▶ **PROBLEM TO WORK ON**
Please give the data again in full, precisely as it is written.

▶ **DATA PROVIDED**
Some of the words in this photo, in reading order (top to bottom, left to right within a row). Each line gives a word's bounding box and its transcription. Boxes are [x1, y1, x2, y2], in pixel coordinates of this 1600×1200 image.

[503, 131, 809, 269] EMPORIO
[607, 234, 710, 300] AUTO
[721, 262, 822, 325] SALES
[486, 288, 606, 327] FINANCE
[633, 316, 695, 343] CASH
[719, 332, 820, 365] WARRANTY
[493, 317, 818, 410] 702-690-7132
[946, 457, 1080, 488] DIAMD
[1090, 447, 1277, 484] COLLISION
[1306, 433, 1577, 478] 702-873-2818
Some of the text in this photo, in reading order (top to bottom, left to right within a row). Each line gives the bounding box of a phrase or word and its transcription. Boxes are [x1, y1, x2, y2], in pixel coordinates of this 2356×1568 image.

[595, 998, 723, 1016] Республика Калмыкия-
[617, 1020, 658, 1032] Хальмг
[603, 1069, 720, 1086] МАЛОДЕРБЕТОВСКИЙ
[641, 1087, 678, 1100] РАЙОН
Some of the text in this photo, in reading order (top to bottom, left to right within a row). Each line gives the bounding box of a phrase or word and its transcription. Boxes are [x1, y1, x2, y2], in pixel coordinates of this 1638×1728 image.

▶ **WRITTEN RESPONSE**
Some of the words in this photo, in reading order (top to bottom, left to right within a row). Each line gives a word's bounding box and its transcription. Boxes are [x1, y1, x2, y2], in pixel coordinates of this 1600×1200 image.

[503, 131, 809, 269] EMPORIO
[607, 234, 710, 300] AUTO
[721, 262, 822, 325] SALES
[486, 288, 606, 327] FINANCE
[633, 316, 695, 343] CASH
[719, 332, 820, 365] WARRANTY
[493, 317, 818, 410] 702-690-7132
[946, 457, 1080, 488] DIAMD
[1090, 447, 1277, 484] COLLISION
[1306, 433, 1577, 478] 702-873-2818
Some of the text in this photo, in reading order (top to bottom, left to right within a row). Each line gives the bounding box of a phrase or word and its transcription. Boxes are [x1, y1, x2, y2], in pixel coordinates of this 2356×1568 image.

[595, 998, 723, 1016] Республика Калмыкия-
[617, 1020, 658, 1032] Хальмг
[603, 1069, 720, 1086] МАЛОДЕРБЕТОВСКИЙ
[641, 1087, 678, 1100] РАЙОН
Some of the text in this photo, in reading order (top to bottom, left to right within a row). Each line gives the bounding box of a phrase or word and its transcription. Boxes are [x1, y1, x2, y2], in pixel coordinates of this 1638×1728 image.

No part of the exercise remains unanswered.